Saved data entries
-------

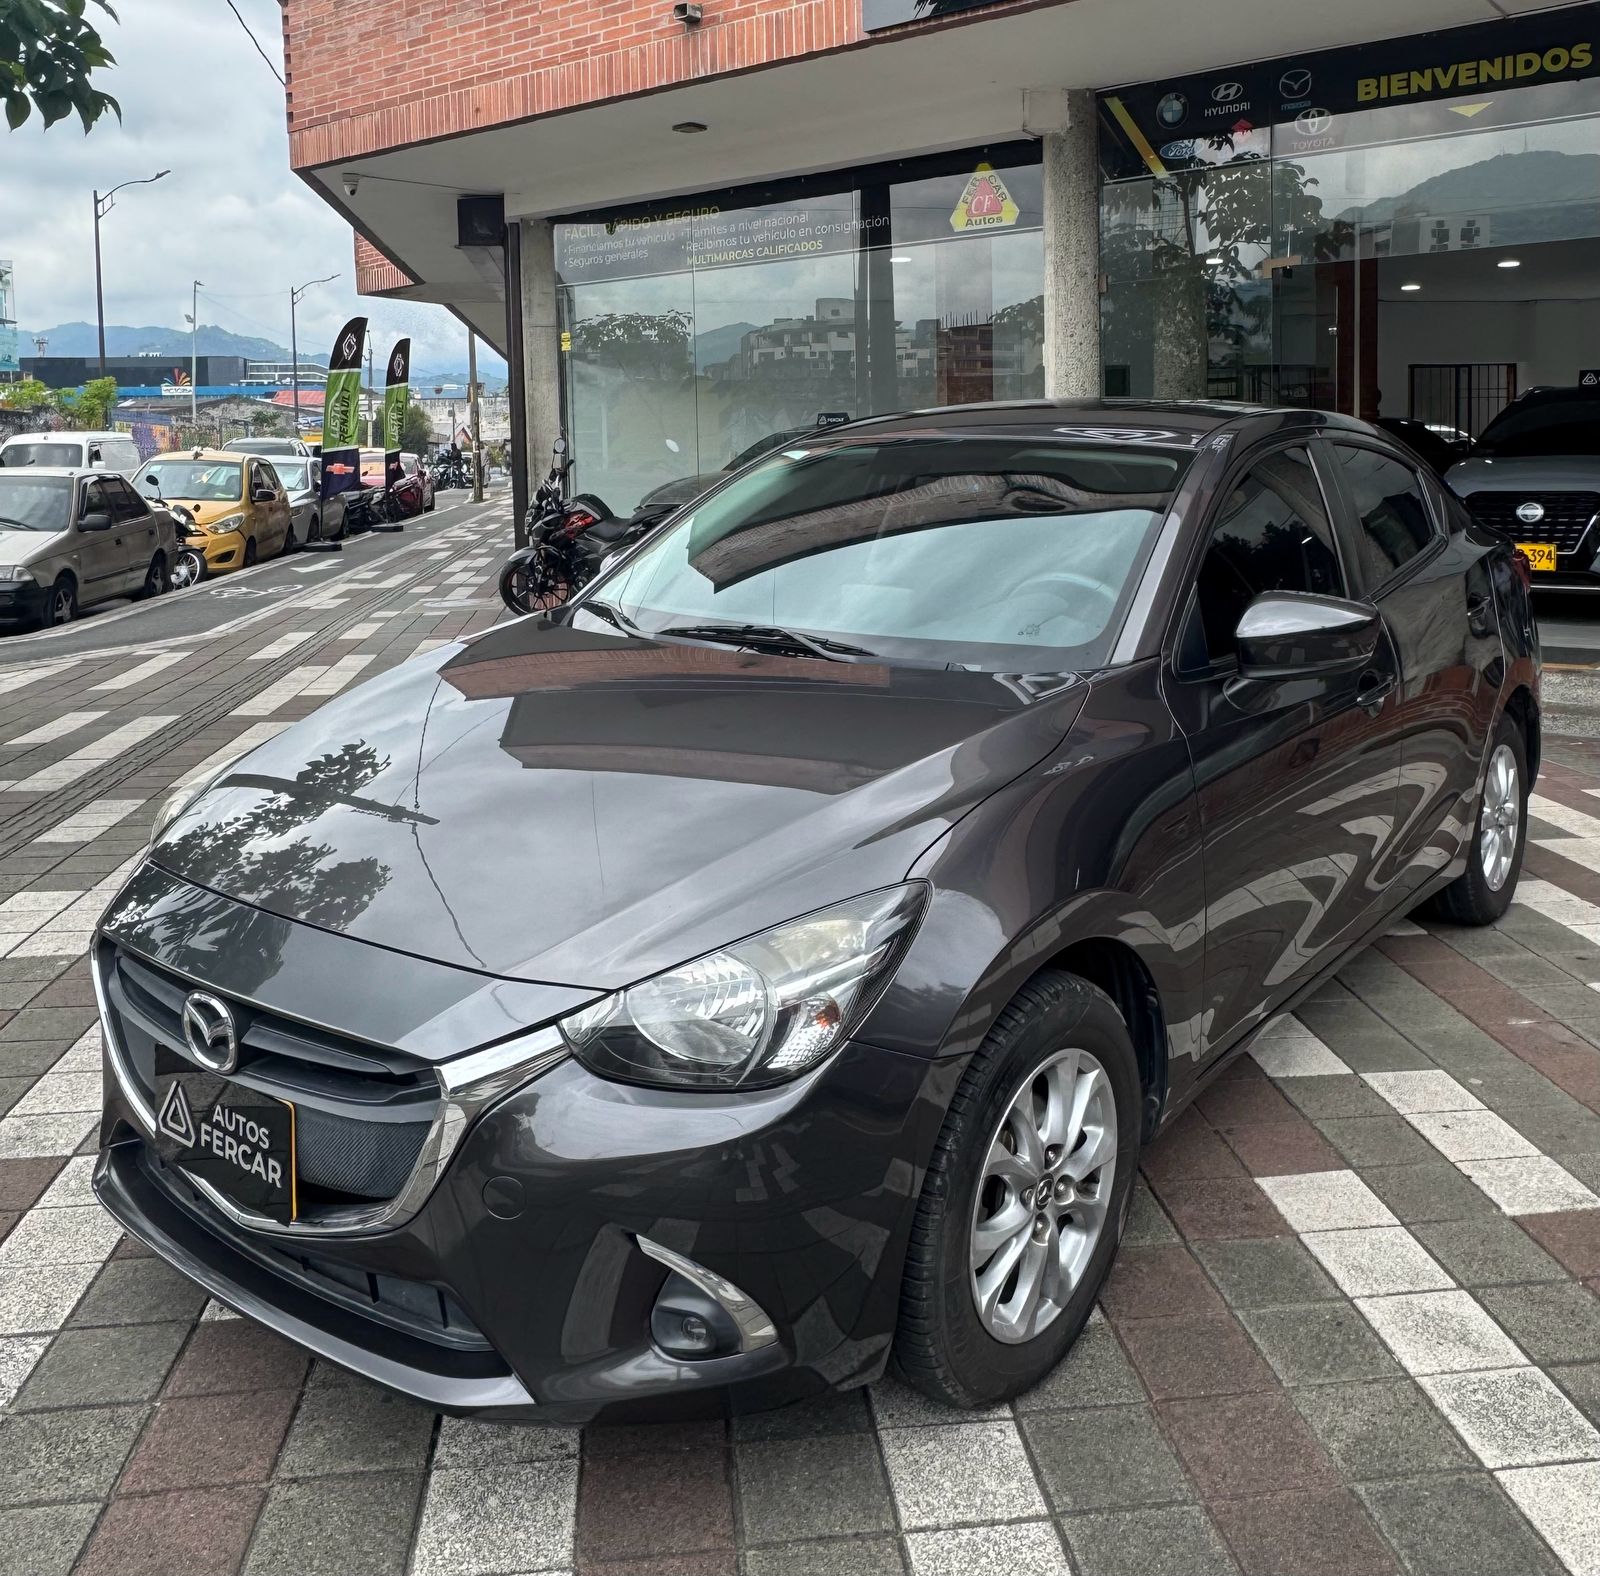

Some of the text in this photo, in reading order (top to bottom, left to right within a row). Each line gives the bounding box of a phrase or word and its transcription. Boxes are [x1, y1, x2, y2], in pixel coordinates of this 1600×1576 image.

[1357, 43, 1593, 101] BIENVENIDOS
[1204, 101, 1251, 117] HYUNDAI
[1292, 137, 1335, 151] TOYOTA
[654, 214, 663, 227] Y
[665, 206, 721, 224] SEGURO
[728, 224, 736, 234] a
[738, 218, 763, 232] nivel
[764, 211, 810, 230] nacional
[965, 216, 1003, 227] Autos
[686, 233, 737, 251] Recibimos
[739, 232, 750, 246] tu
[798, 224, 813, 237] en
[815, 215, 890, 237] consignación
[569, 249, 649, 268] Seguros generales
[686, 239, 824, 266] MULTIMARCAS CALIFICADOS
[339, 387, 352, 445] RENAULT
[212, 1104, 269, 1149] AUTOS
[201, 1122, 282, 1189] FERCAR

-------

* **INSTRUCTIONS FOR THE TASK**: Pictures are to be omitted; set down the rest of the entries exactly as given.

* **SOLUTION**:
Some of the text in this photo, in reading order (top to bottom, left to right within a row). Each line gives the bounding box of a phrase or word and its transcription. Boxes are [x1, y1, x2, y2], in pixel coordinates of this 1600×1576 image.

[1357, 43, 1593, 101] BIENVENIDOS
[1204, 101, 1251, 117] HYUNDAI
[1292, 137, 1335, 151] TOYOTA
[654, 214, 663, 227] Y
[665, 206, 721, 224] SEGURO
[728, 224, 736, 234] a
[738, 218, 763, 232] nivel
[764, 211, 810, 230] nacional
[965, 216, 1003, 227] Autos
[686, 233, 737, 251] Recibimos
[739, 232, 750, 246] tu
[798, 224, 813, 237] en
[815, 215, 890, 237] consignación
[569, 249, 649, 268] Seguros generales
[686, 239, 824, 266] MULTIMARCAS CALIFICADOS
[339, 387, 352, 445] RENAULT
[212, 1104, 269, 1149] AUTOS
[201, 1122, 282, 1189] FERCAR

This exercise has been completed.